With his six years of studies and professional development in the world’s number one ginseng producer South Korea, Dr Tam nurtures a bigger dream: this valuable medicinal plant. He explains that everyone knows Korean ginseng has been world-famous for a long time and the industry does well, earning the country millions of dollars every year.
But what few people know is that, besides the large-scale gardens providing high-quality ginseng bulbs, South Korea furthermore has factories cultivating biomass from ginseng roots to provide huge amounts of the active ingredient to the pharmaceutical processing, food, and beauty product sectors.
When working in South Korea, Dr Tam found ginseng to be present in a huge number of products, from expensive ones like fresh ginseng, whole dried ginseng, and red ginseng essence to confectionery, candied tea, skin care masks, and functional foods.
To put ginseng products within reach of common people, the Koreans developed technology to grow root biomass at industrial scale to extract the ginseng active ingredient for use in the processing industry. This is the technology he got to know when working on his PhD in the country and which he plans to apply to produce Vietnamese ginseng extract.
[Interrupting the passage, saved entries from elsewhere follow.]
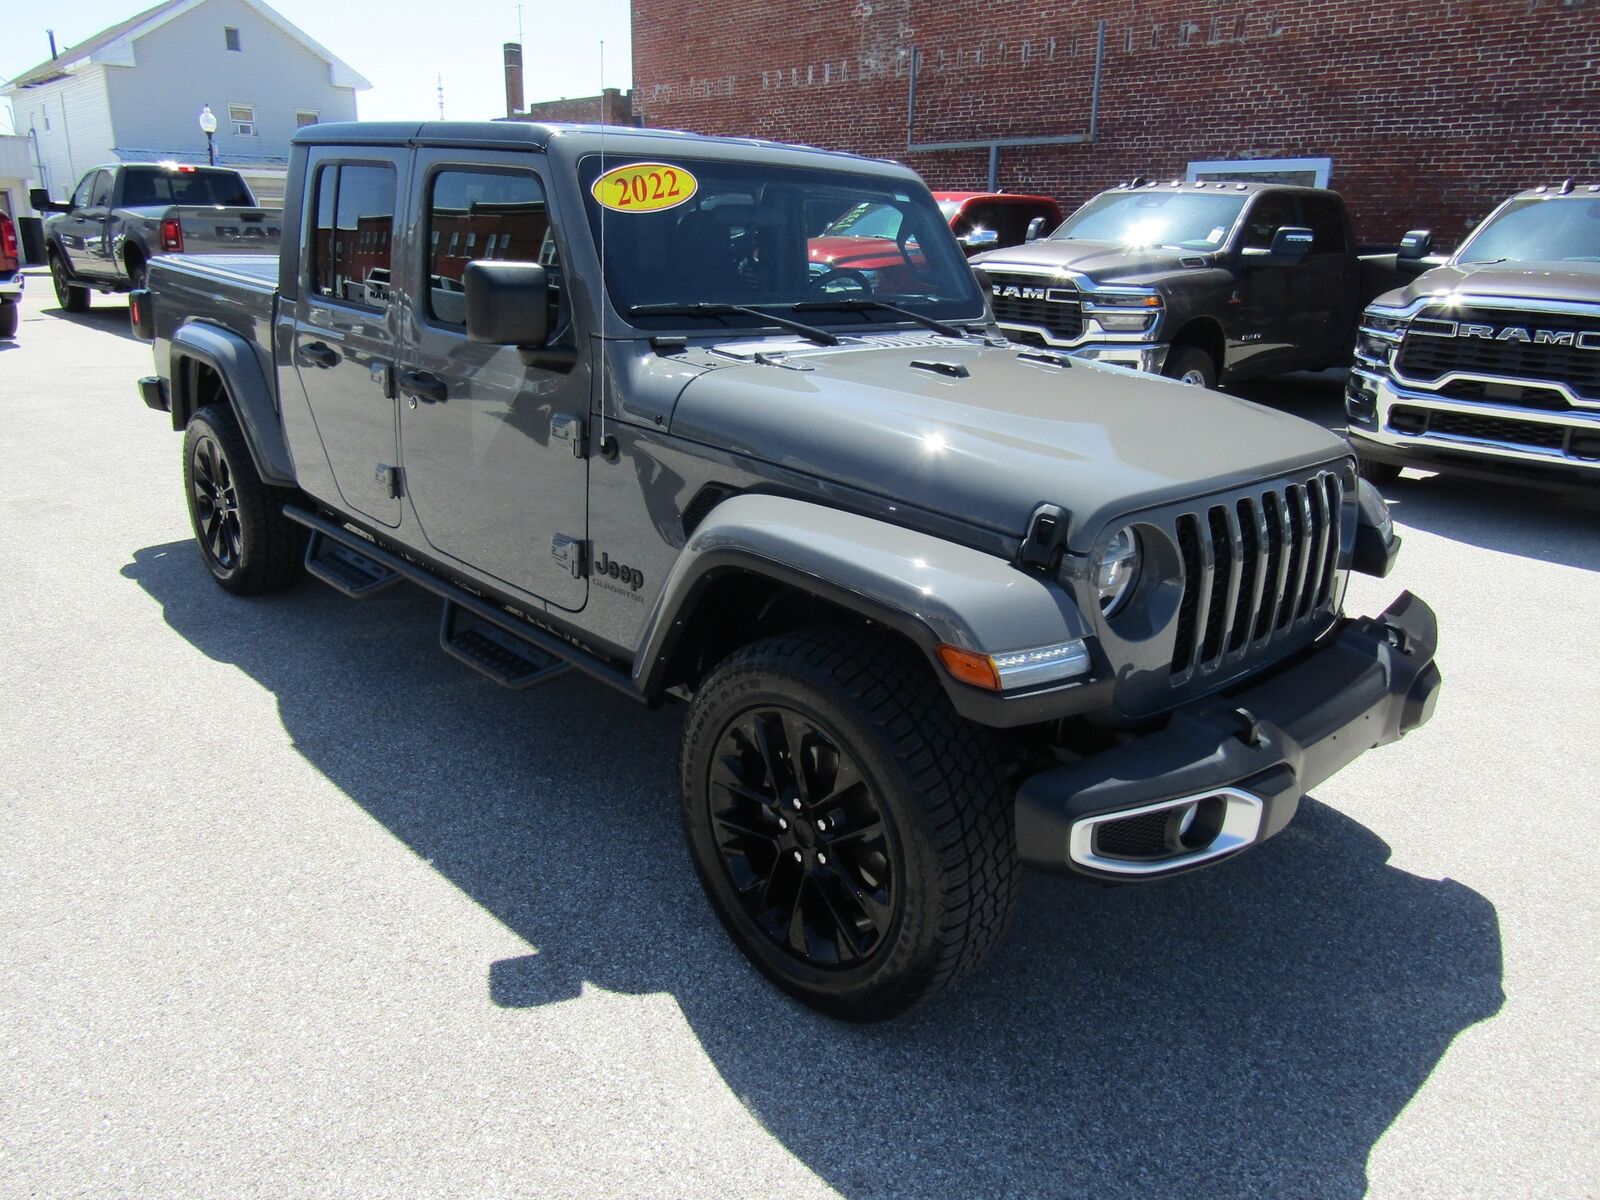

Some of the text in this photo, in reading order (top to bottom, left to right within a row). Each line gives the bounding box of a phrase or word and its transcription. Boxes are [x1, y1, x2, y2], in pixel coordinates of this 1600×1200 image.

[614, 170, 680, 206] 2022
[1458, 323, 1575, 346] RAM
[594, 551, 644, 592] Jeep
[592, 577, 645, 603] GLADIATOR
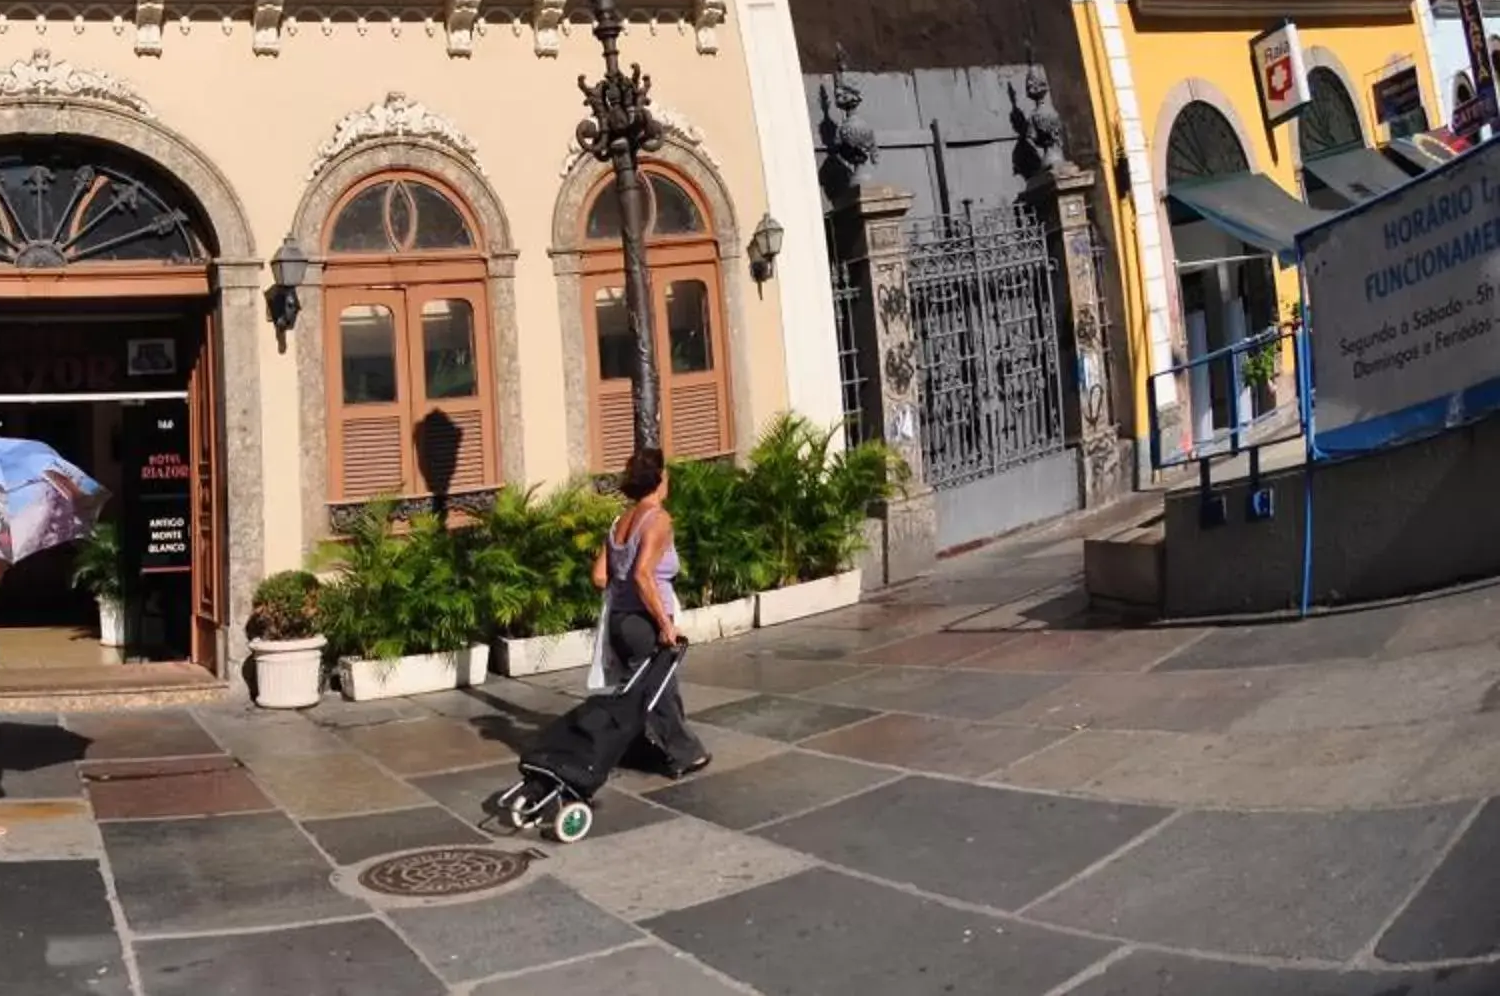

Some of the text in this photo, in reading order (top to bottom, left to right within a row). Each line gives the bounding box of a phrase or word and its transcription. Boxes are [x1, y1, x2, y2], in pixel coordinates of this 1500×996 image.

[1265, 40, 1290, 63] Raia
[1340, 321, 1397, 357] Segunda
[1353, 346, 1419, 379] Domingos
[1435, 318, 1492, 351] Feriados
[148, 455, 182, 465] HOTEL
[141, 466, 190, 479] RIAZOR
[149, 518, 185, 528] ANTICO
[151, 530, 182, 540] MONTE
[147, 543, 185, 553] BLANCO
“Although the quantity of active extract from cultivated root biomass is less than from naturally grown ginseng, we can still produce large quantities in considerably reduced time,” Tam explains. “This will a be an important input if we want to strongly develop the processing industry of consumer goods with Vietnamese ginseng extract for the diverse demand from the market. The medicinal substance can be used in cosmetics, beauty products, functional foods, and confectionery in all price segments where the supply from naturally grown ginseng cannot meet the demand.”
Overcoming difficulties
Although the university provided him with the initial equipment and biological material for his research, Dr Tam still needed to overcome a huge many difficulties for his project. Vietnamese ginseng plants are prohibitively expensive; to obtain a high-quality strain with the right genes, he needed to ask around among the big medicinal businesses in Quang Nam province to obtain research samples.
The species develops slowly and the project therefore takes quite a long time. To obtain funding for his research and to start experimental production, he is applying for funding from many startup support organizations in the country.